A new sawmill was built by the Gillies & McLaren firm to employ up to a hundred men.  At Arklan Island a smaller sawmill was built by William Bredin.  Erection of a large frame building on Mill Street for use as a woollen cloth factory was begun by Allan McDonald.  The Allan McDonald foundry was reopened by John Grant and operated for four years, producing stoves, ploughs, ploughpoints and other castings.  A local house construction boom was under way.  Daniel Galbraith (1813-1879) of Ramsay township was elected to the Ontario Legislature of North Lanark.  He represented this constituency in the House of Commons from the following election until his death in 1879.

Another Railway

1868 – Building of the Canada Central Railway between Ottawa and Carleton Place was begun and was completed two years later.  In ceremonies marking the start of construction, held at the Carleton Place end of the line and attended by Richard W. Scott, Q.C., M.P.P., of Ottawa, the sod turning ritual was performed by the Rev. J. H. Preston of St. James Church, Carleton Place.

Caldwell Sawmill

1869 – This towns second large sawmill business was started by Boyd Caldwell (1818-1888) and managed by his son William Caldwell.  It operated for twenty-two years on the site of the present Riverside Park.
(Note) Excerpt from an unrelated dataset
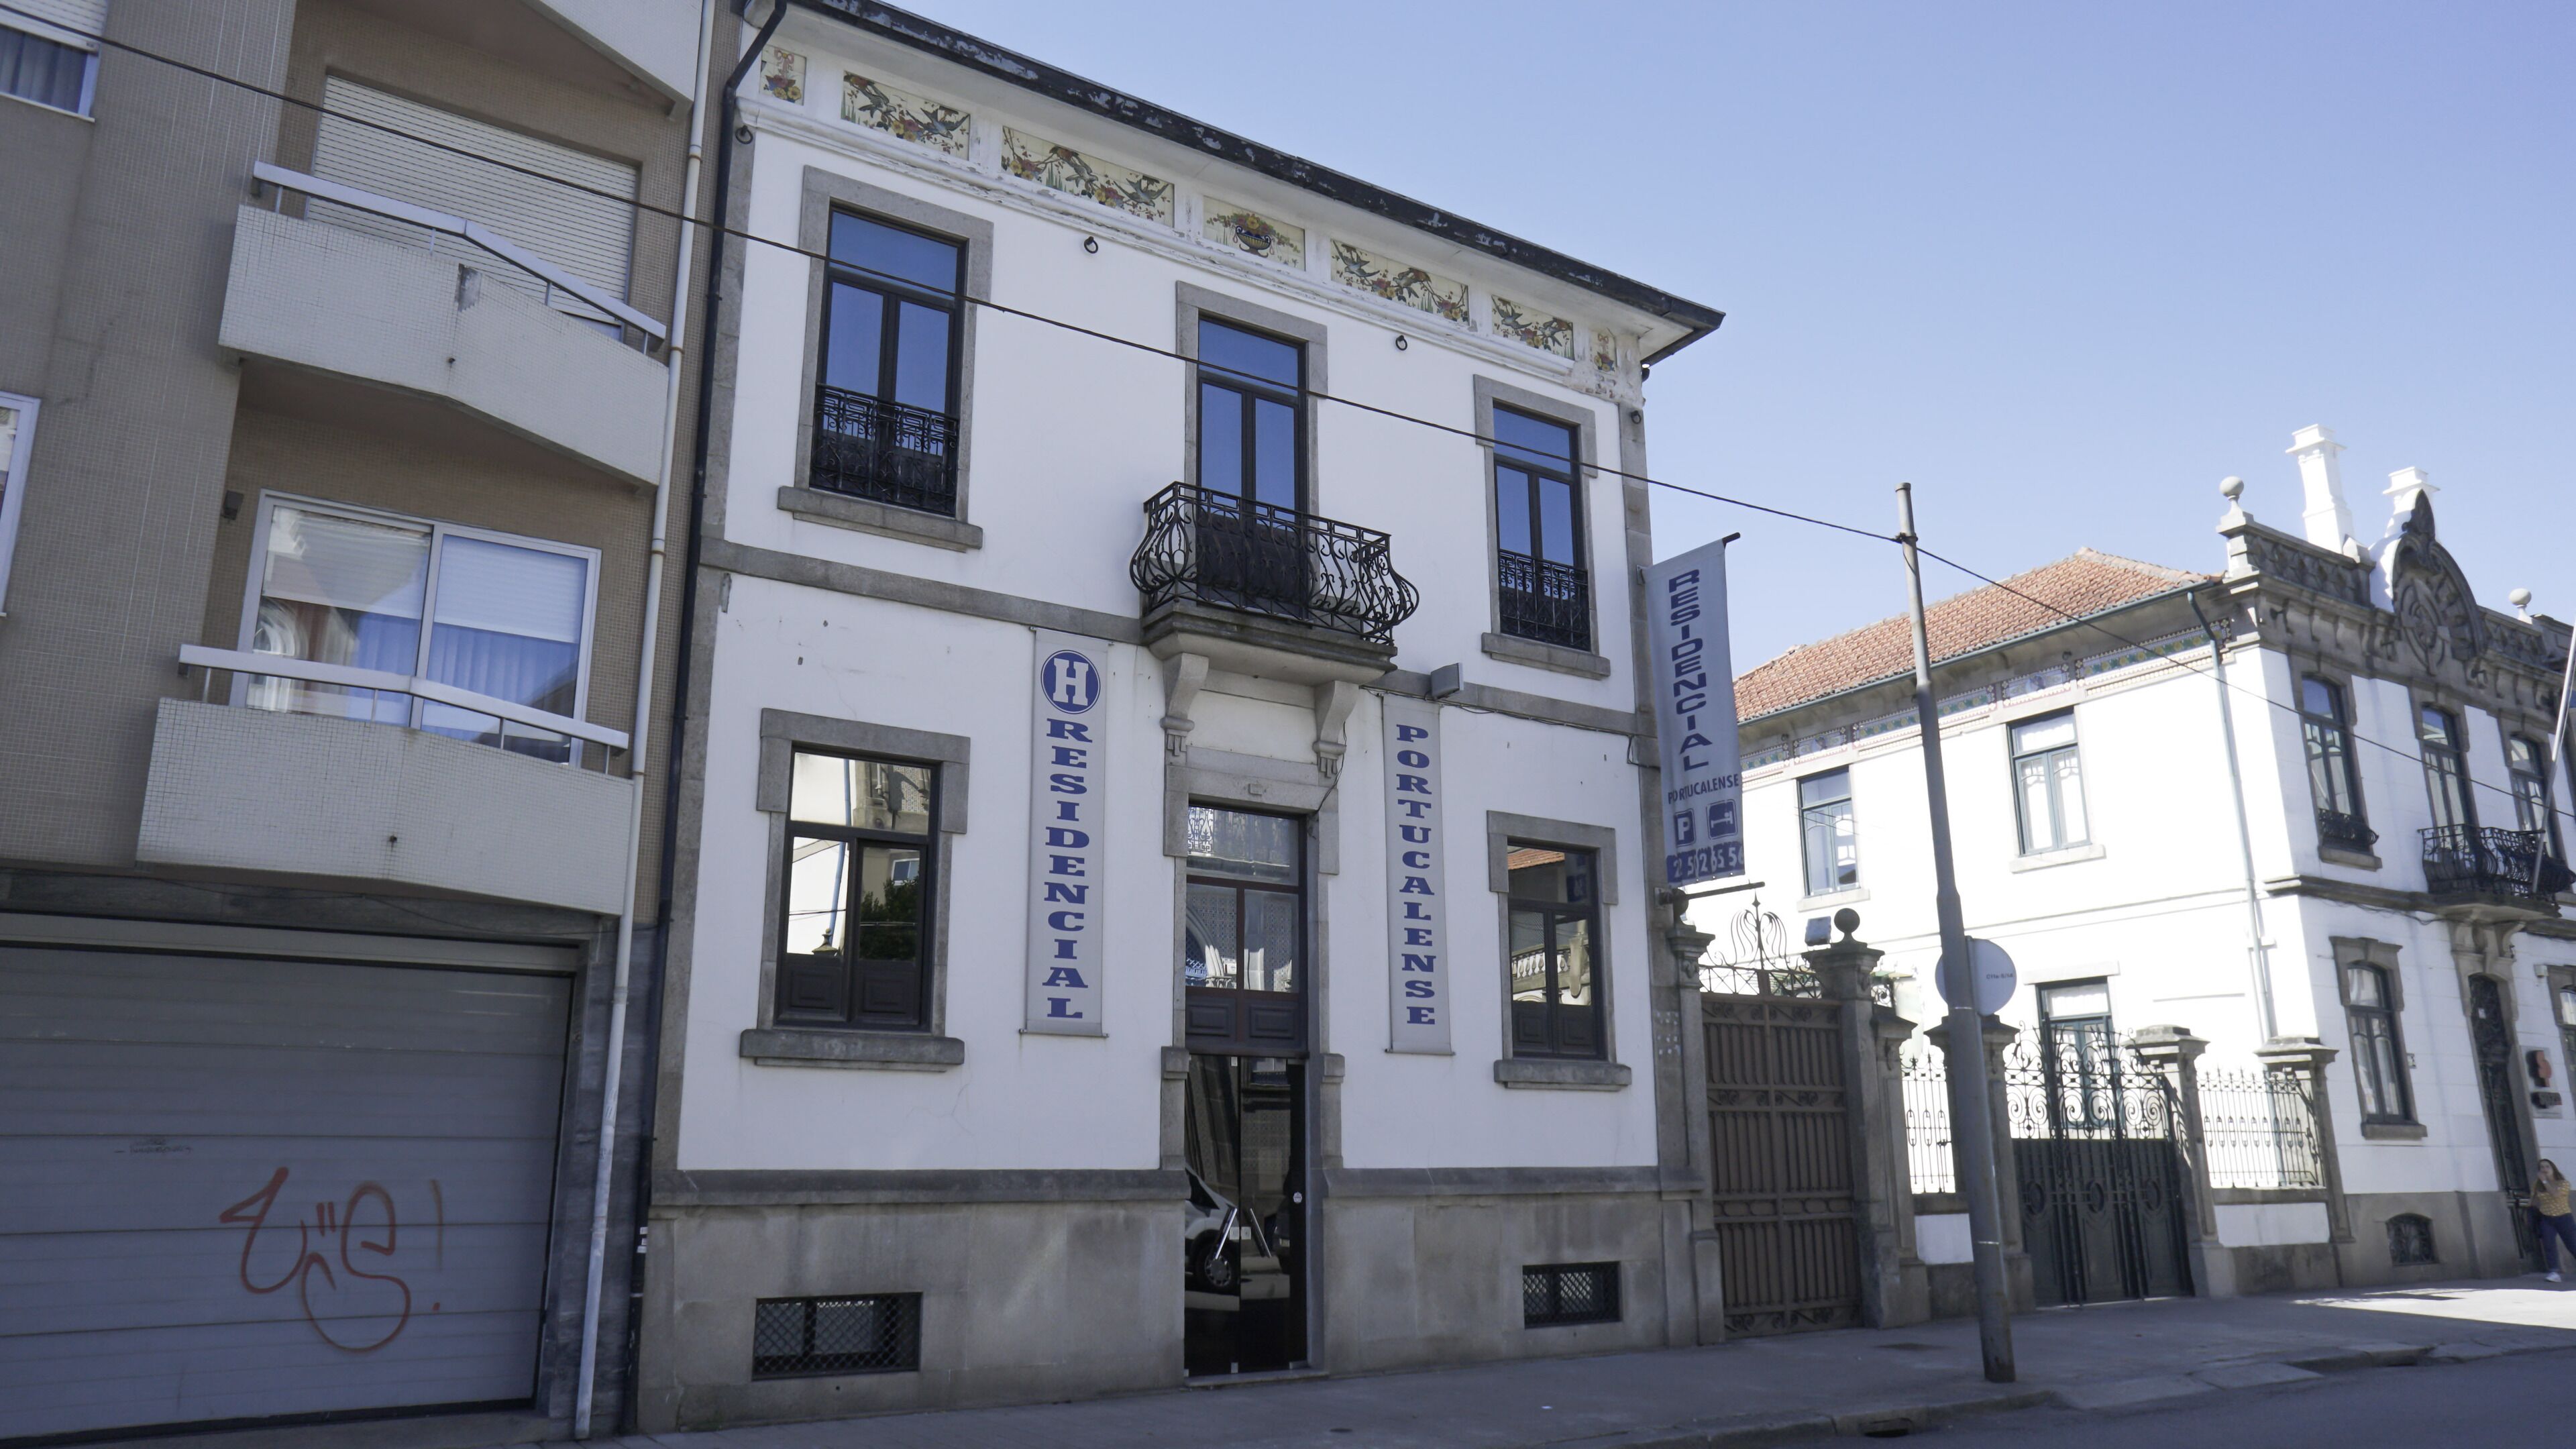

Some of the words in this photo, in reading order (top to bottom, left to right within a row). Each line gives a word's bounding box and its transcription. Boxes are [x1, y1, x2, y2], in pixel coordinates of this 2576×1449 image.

An enlarged stone grist mill building was erected by William Bredin on Mill Street, together with buildings occupied in the following year by Joseph Cram as a planing mill and by John F. Cram as a tannery.  A stone church building for the Zion Presbyterian congregation was built at the church’s present Albert and Beckwith Street location.

The Mississippi Navigation Company was incorporated to build locks at Innisville and Ferguson’s Falls and open navigation from Lanark and Playfairville to Carleton Place.  Its directors were James H. Dixon of Peterborough, Abraham Code, M.P.P. (then owning mills at Ferguson’s Falls) and Robert Bell, John Craigie and Robert Crampton of Carleton Place.  The company’s brief existence ended with the building of a steamboat, The Enterprise.  Bought by the Gillies & McLaren firm , The Enterprise plied the Mississippi Lakes for about twenty-five years in the service of the lumber industry and provided transportation for many of the town’s public events of bygone summer days.